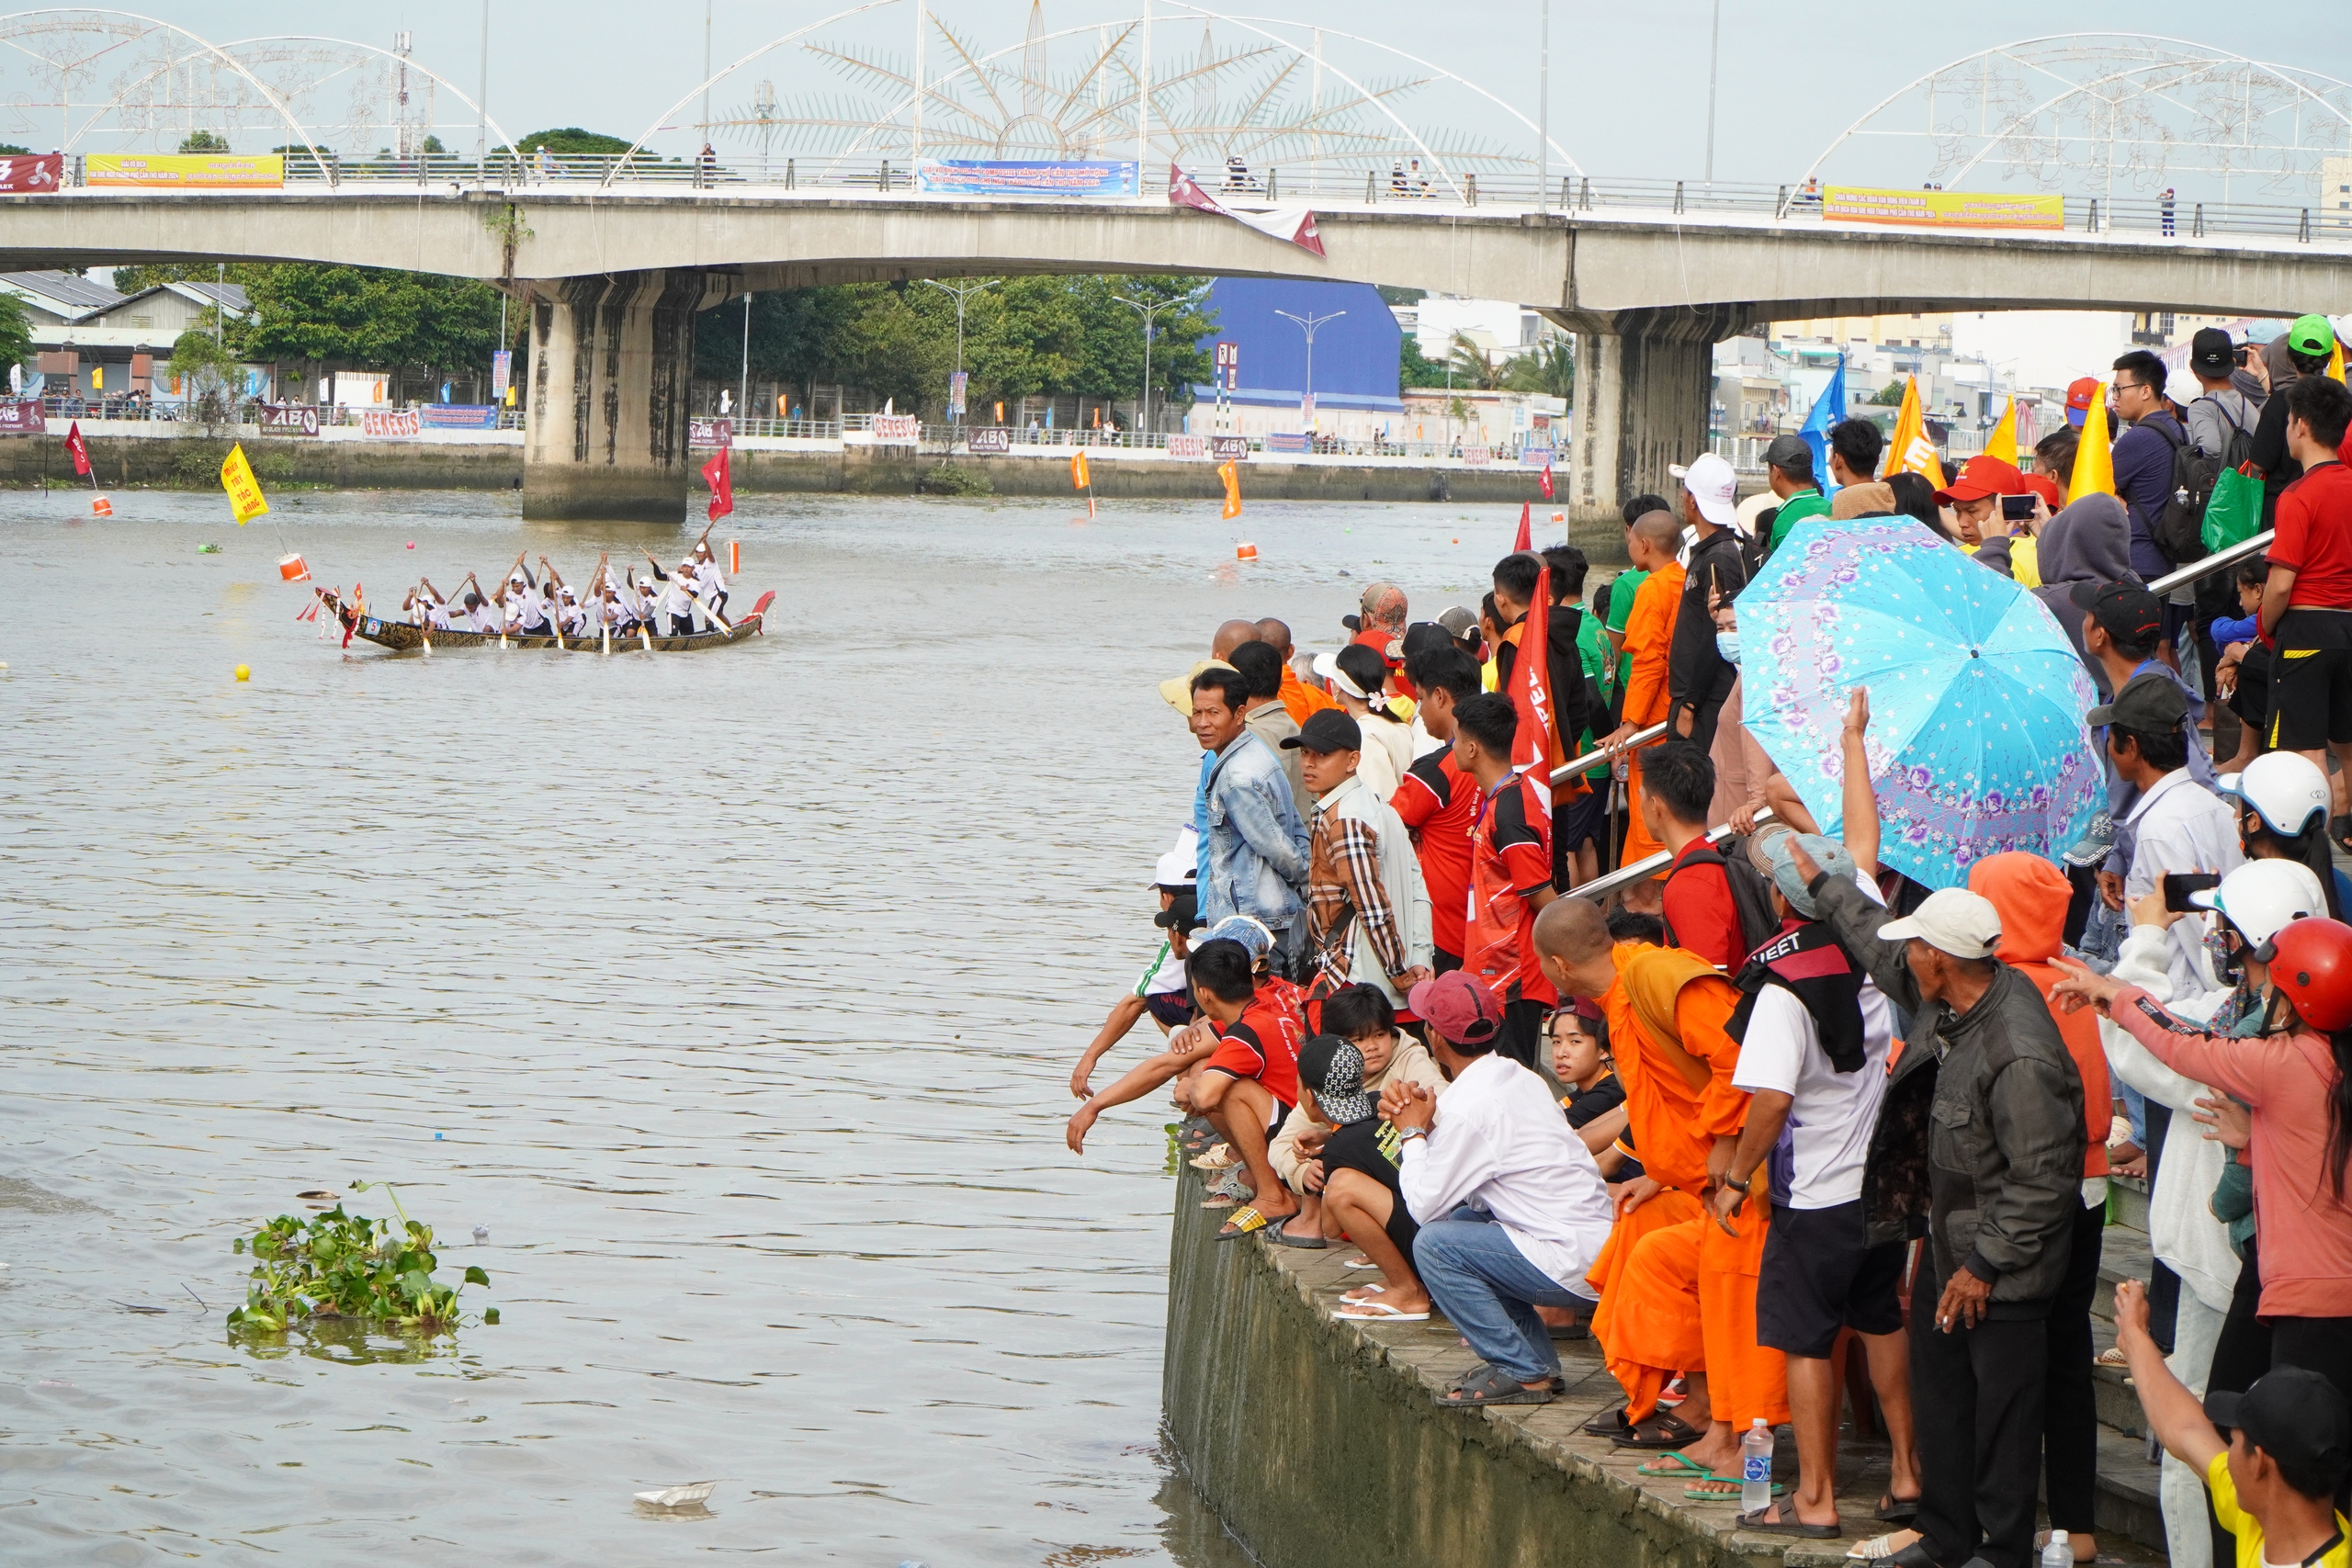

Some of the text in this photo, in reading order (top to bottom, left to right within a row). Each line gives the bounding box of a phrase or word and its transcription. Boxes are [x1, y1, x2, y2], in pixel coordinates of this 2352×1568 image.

[922, 165, 933, 174] GIẢI
[981, 168, 1016, 176] COMPOSITE
[1016, 167, 1037, 176] THÀNH
[1037, 166, 1050, 177] PHỐ
[1051, 167, 1065, 176] CẦN
[1065, 168, 1078, 176] THƠ
[1090, 168, 1109, 178] RỘNG
[929, 175, 941, 184] GIẢI
[1006, 177, 1026, 186] THÀNH
[1027, 175, 1041, 186] PHỐ
[1041, 176, 1054, 186] CẦN
[1055, 178, 1068, 186] THƠ
[1068, 177, 1084, 186] NĂM
[1084, 179, 1101, 187] 2024
[271, 410, 302, 425] AB
[364, 412, 419, 436] GENESIS
[875, 416, 917, 438] GENESIS
[977, 430, 998, 444] AB
[1169, 437, 1204, 457] GENESIS
[1464, 447, 1490, 467] GENESIS
[370, 621, 377, 632] 5

──────

Required action -
Print all the records again exactly; do not include any picture.

Task output -
Some of the text in this photo, in reading order (top to bottom, left to right within a row). Each line gives the bounding box of a phrase or word and its transcription. Boxes are [x1, y1, x2, y2], in pixel coordinates of this 2352×1568 image.

[922, 165, 933, 174] GIẢI
[981, 168, 1016, 176] COMPOSITE
[1016, 167, 1037, 176] THÀNH
[1037, 166, 1050, 177] PHỐ
[1051, 167, 1065, 176] CẦN
[1065, 168, 1078, 176] THƠ
[1090, 168, 1109, 178] RỘNG
[929, 175, 941, 184] GIẢI
[1006, 177, 1026, 186] THÀNH
[1027, 175, 1041, 186] PHỐ
[1041, 176, 1054, 186] CẦN
[1055, 178, 1068, 186] THƠ
[1068, 177, 1084, 186] NĂM
[1084, 179, 1101, 187] 2024
[271, 410, 302, 425] AB
[364, 412, 419, 436] GENESIS
[875, 416, 917, 438] GENESIS
[977, 430, 998, 444] AB
[1169, 437, 1204, 457] GENESIS
[1464, 447, 1490, 467] GENESIS
[370, 621, 377, 632] 5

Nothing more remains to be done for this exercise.